Researchers at New York University and the Scripps Research Institute have discovered a new enzyme, GAPDH, which regulates insulin pathways—a finding that offers a new direction for the treatment of diabetes. The research is reported in the most recent issue of the journal Nature Chemical Biology.
The enzyme GAPDH was previously unknown to be a factor in the development of diabetes in humans. It has also been discovered that the inhibition of GAPDH attenuates the diabetic disease symptom in model animals.
The research team, which included NYU’s Departments of Biology and Chemistry and Scripps’ Department of Cell Biology, used the worm Caenorhabditis elegans (C. elegans) to identify a new therapeutic target protein for diabetic treatment. C. elegans is the first animal species where RNA interference (RNAi) is discovered and thus, an excellent model organism for chemical genetic research. In this study, the researchers screened hundreds of chemical compounds to find one hit compound, which rescues the mutant C. elegans (diabetics model) from diabetes. Then, they identified the target protein, which was found to be the enzyme GAPDH. GAPDH has long been known as one of the important glycolytic enzymes, and its function is affected by insulin. However, this is the first discovery that GAPDH actively regulates the insulin pathway.
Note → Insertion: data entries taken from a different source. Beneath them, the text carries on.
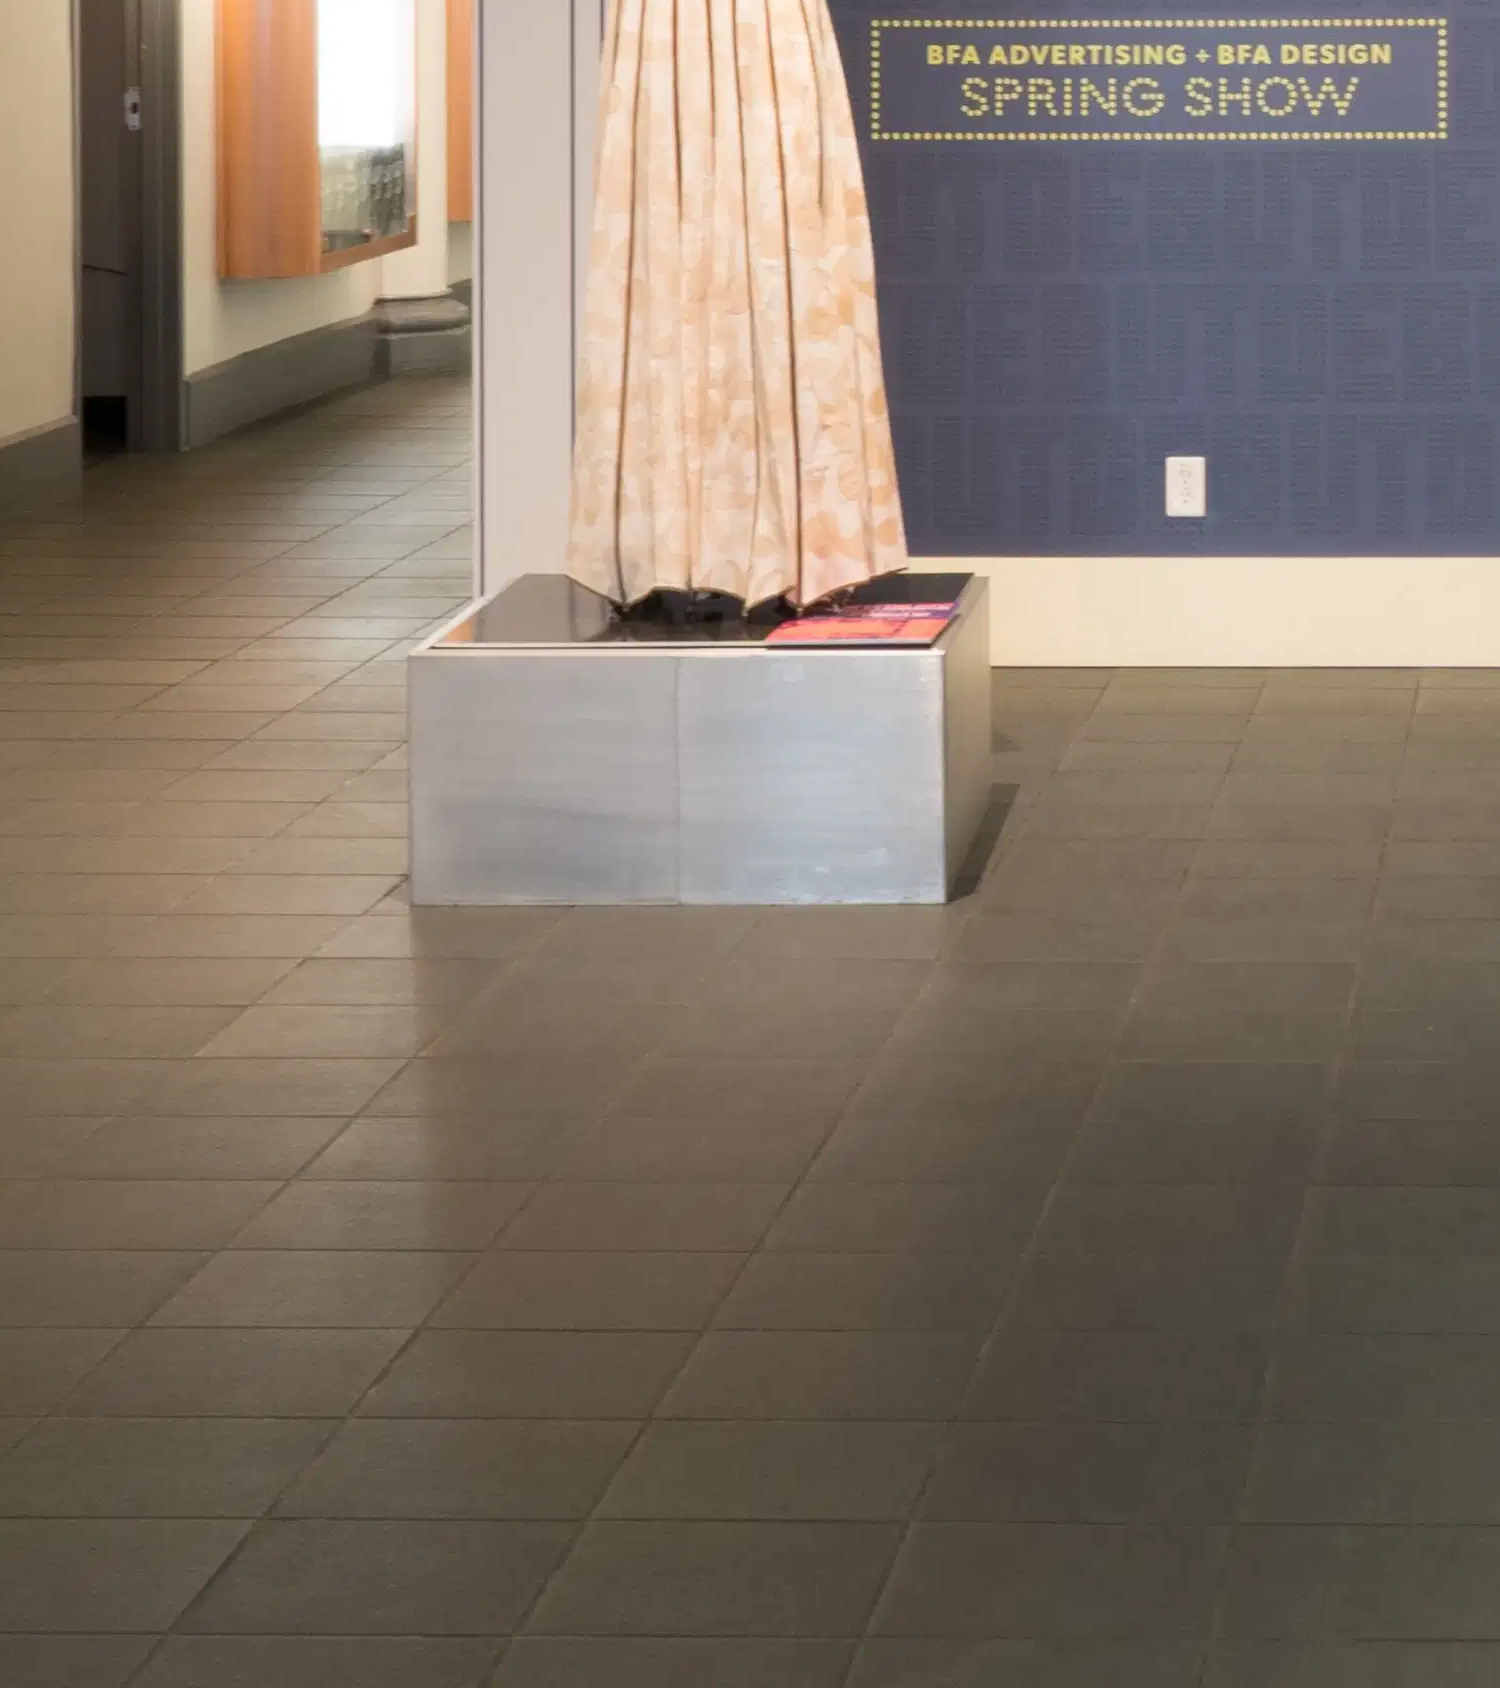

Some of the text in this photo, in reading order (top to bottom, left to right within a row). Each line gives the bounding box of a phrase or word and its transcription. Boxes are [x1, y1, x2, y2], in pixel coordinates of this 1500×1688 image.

[926, 44, 981, 65] BFA
[988, 44, 1187, 65] ADVERTISING
[1218, 44, 1271, 65] BFA
[1280, 43, 1392, 65] DESIGN
[961, 76, 1359, 116] SPRING SHOW
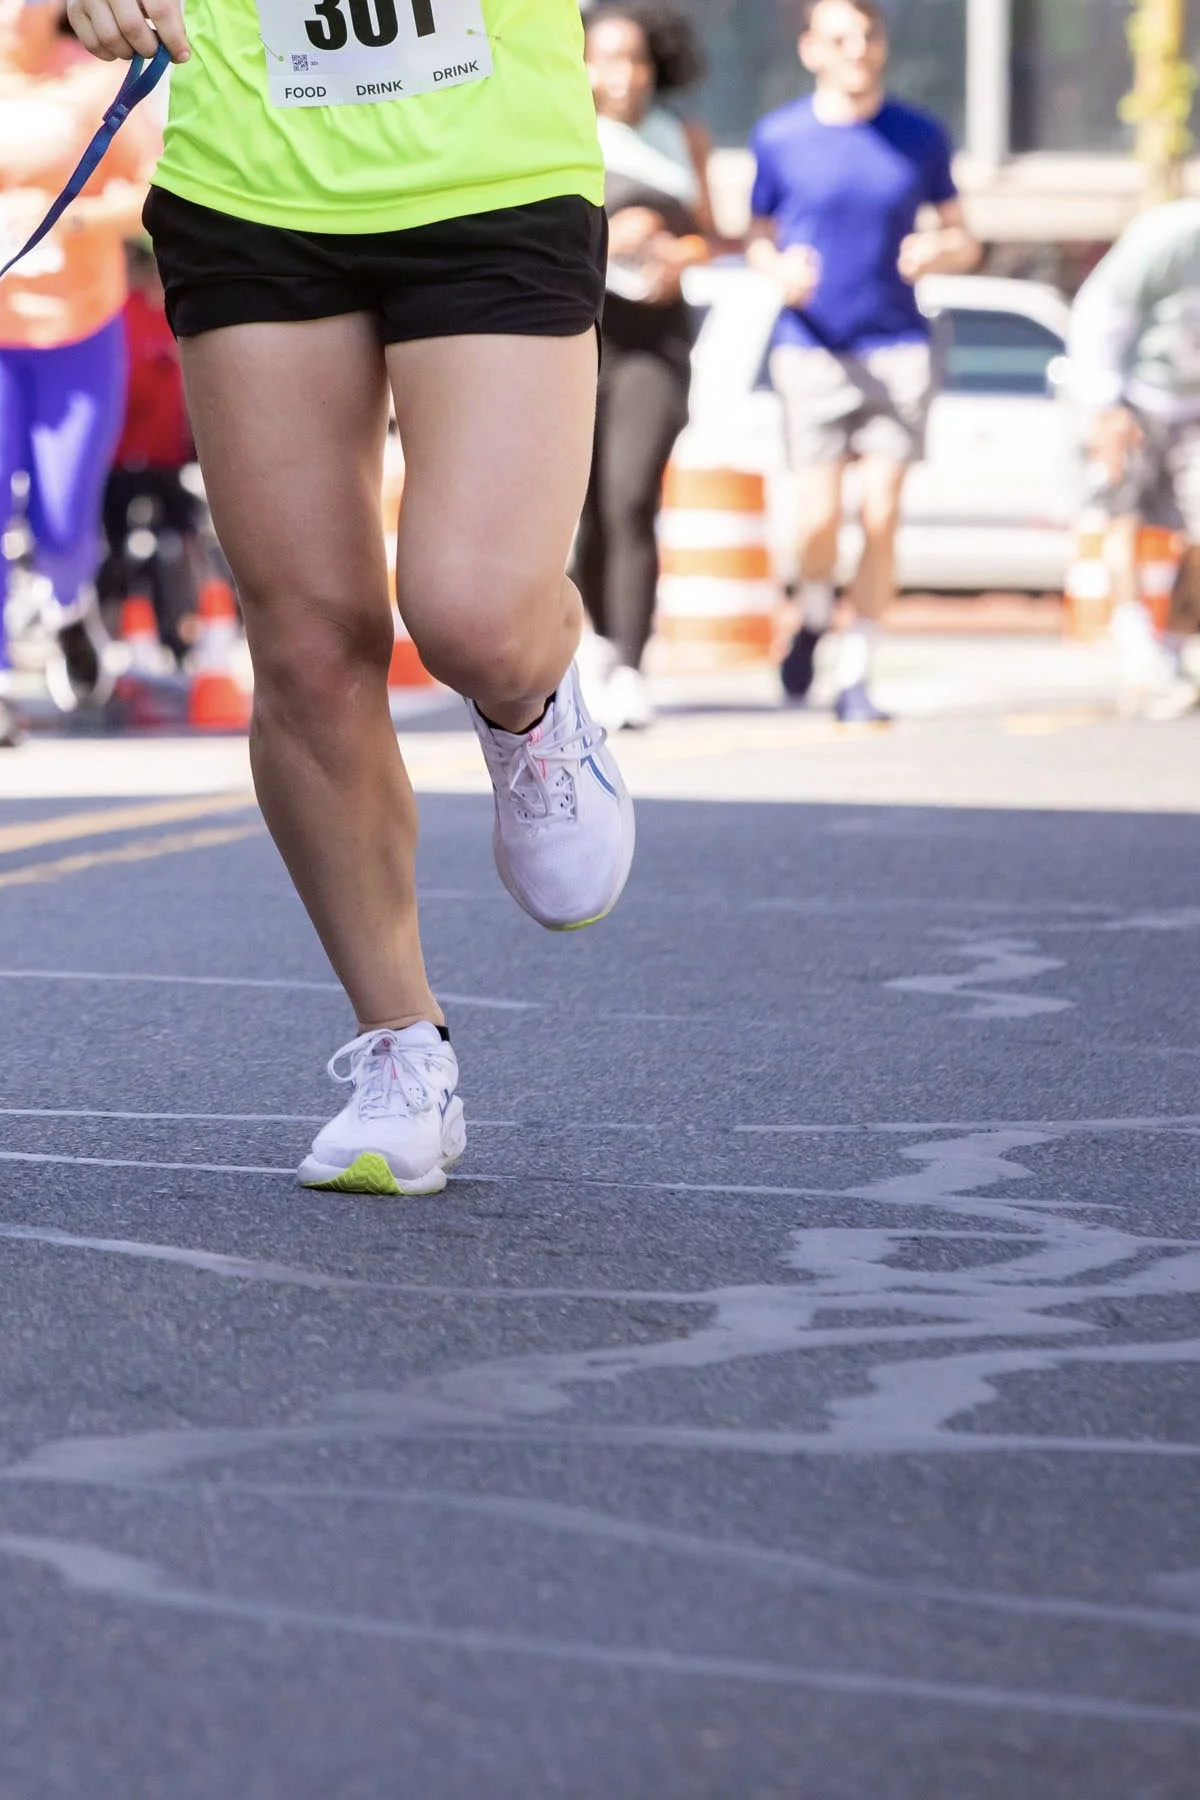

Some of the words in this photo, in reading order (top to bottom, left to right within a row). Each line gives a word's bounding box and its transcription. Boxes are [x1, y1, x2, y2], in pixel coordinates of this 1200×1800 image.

The research team constructed all the molecules by incorporating the fishing tag (linker) from the beginning, and facilitated the target fishing. The hit compound was named GAPDS (GAPDH segregator) as GAPDS disassemble the multi-part structure of GAPDH into monomers. The segregation of GAPDH releases the suppressor of insulin signaling from the cell membrane, and thus activates the insulin signaling to eventually help to treat diabetes.
While the C-elegans is a recommended model for chemical genetic study, treating them with chemical compounds presented difficulties for the researchers because they grow on the surface of agar. To overcome these challenges, the researchers devised a soaking method in which the worms were placed in a compound solution for 24 hours. By this method, the worms were exposed to equitable concentration of the compounds. The mutant C-elegans are in a growth arrested status. By addition of compounds, a re-growing of the worms into normal size was observed by GAPDS, which is analogous to treating diabetes patients with a drug.
While there are many drugs on the market to treat diabetes, the number of known disease-producing protein targets is small. Because diabetes has many causes, targeting several different proteins offers the most promising method for treatment. The discovery of GAPDH adds another target that can be addressed in combating the disease.